▶ _WORK ITEM_: Every record needs to be restated word for word.

-------

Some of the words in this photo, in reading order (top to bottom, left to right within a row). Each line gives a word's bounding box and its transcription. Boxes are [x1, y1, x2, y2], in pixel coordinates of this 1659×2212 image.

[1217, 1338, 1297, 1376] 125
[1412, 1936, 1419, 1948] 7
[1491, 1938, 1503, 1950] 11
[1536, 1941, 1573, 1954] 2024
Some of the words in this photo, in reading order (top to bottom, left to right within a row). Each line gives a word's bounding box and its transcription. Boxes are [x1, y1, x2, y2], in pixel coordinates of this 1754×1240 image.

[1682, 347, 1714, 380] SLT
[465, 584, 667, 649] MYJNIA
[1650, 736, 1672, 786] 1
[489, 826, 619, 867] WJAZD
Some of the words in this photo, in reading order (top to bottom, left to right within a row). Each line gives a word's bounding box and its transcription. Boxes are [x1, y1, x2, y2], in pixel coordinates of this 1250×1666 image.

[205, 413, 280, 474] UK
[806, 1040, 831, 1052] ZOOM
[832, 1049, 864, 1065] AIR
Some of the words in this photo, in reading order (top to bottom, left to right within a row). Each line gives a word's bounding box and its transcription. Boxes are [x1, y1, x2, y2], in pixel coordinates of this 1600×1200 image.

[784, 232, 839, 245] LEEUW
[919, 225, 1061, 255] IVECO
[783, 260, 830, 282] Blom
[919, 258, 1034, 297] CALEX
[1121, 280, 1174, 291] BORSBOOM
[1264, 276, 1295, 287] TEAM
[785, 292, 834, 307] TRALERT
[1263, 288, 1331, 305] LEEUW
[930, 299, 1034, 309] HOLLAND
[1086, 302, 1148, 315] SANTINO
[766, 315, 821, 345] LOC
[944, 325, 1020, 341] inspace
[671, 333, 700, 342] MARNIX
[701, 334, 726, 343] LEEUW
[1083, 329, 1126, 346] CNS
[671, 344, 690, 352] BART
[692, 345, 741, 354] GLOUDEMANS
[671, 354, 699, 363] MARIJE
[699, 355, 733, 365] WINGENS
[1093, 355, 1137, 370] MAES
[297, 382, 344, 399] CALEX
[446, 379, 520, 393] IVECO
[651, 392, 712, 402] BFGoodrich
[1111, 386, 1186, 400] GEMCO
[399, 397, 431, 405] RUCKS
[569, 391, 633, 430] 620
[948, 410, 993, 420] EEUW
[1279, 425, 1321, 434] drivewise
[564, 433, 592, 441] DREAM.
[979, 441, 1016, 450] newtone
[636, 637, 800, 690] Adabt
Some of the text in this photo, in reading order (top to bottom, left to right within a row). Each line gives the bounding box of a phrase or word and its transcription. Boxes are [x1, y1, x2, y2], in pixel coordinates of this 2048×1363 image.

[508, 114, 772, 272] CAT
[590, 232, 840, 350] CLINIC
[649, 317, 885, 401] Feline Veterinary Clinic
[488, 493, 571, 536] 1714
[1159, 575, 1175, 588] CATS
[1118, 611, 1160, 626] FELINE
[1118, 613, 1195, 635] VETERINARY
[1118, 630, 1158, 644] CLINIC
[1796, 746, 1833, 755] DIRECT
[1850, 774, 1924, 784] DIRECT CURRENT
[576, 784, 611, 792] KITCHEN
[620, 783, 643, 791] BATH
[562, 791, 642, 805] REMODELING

-------

▶ _ANSWER BELOW_:
Some of the words in this photo, in reading order (top to bottom, left to right within a row). Each line gives a word's bounding box and its transcription. Boxes are [x1, y1, x2, y2], in pixel coordinates of this 1659×2212 image.

[1217, 1338, 1297, 1376] 125
[1412, 1936, 1419, 1948] 7
[1491, 1938, 1503, 1950] 11
[1536, 1941, 1573, 1954] 2024
Some of the words in this photo, in reading order (top to bottom, left to right within a row). Each line gives a word's bounding box and its transcription. Boxes are [x1, y1, x2, y2], in pixel coordinates of this 1754×1240 image.

[1682, 347, 1714, 380] SLT
[465, 584, 667, 649] MYJNIA
[1650, 736, 1672, 786] 1
[489, 826, 619, 867] WJAZD
Some of the words in this photo, in reading order (top to bottom, left to right within a row). Each line gives a word's bounding box and its transcription. Boxes are [x1, y1, x2, y2], in pixel coordinates of this 1250×1666 image.

[205, 413, 280, 474] UK
[806, 1040, 831, 1052] ZOOM
[832, 1049, 864, 1065] AIR
Some of the words in this photo, in reading order (top to bottom, left to right within a row). Each line gives a word's bounding box and its transcription. Boxes are [x1, y1, x2, y2], in pixel coordinates of this 1600×1200 image.

[784, 232, 839, 245] LEEUW
[919, 225, 1061, 255] IVECO
[783, 260, 830, 282] Blom
[919, 258, 1034, 297] CALEX
[1121, 280, 1174, 291] BORSBOOM
[1264, 276, 1295, 287] TEAM
[785, 292, 834, 307] TRALERT
[1263, 288, 1331, 305] LEEUW
[930, 299, 1034, 309] HOLLAND
[1086, 302, 1148, 315] SANTINO
[766, 315, 821, 345] LOC
[944, 325, 1020, 341] inspace
[671, 333, 700, 342] MARNIX
[701, 334, 726, 343] LEEUW
[1083, 329, 1126, 346] CNS
[671, 344, 690, 352] BART
[692, 345, 741, 354] GLOUDEMANS
[671, 354, 699, 363] MARIJE
[699, 355, 733, 365] WINGENS
[1093, 355, 1137, 370] MAES
[297, 382, 344, 399] CALEX
[446, 379, 520, 393] IVECO
[651, 392, 712, 402] BFGoodrich
[1111, 386, 1186, 400] GEMCO
[399, 397, 431, 405] RUCKS
[569, 391, 633, 430] 620
[948, 410, 993, 420] EEUW
[1279, 425, 1321, 434] drivewise
[564, 433, 592, 441] DREAM.
[979, 441, 1016, 450] newtone
[636, 637, 800, 690] Adabt
Some of the text in this photo, in reading order (top to bottom, left to right within a row). Each line gives the bounding box of a phrase or word and its transcription. Boxes are [x1, y1, x2, y2], in pixel coordinates of this 2048×1363 image.

[508, 114, 772, 272] CAT
[590, 232, 840, 350] CLINIC
[649, 317, 885, 401] Feline Veterinary Clinic
[488, 493, 571, 536] 1714
[1159, 575, 1175, 588] CATS
[1118, 611, 1160, 626] FELINE
[1118, 613, 1195, 635] VETERINARY
[1118, 630, 1158, 644] CLINIC
[1796, 746, 1833, 755] DIRECT
[1850, 774, 1924, 784] DIRECT CURRENT
[576, 784, 611, 792] KITCHEN
[620, 783, 643, 791] BATH
[562, 791, 642, 805] REMODELING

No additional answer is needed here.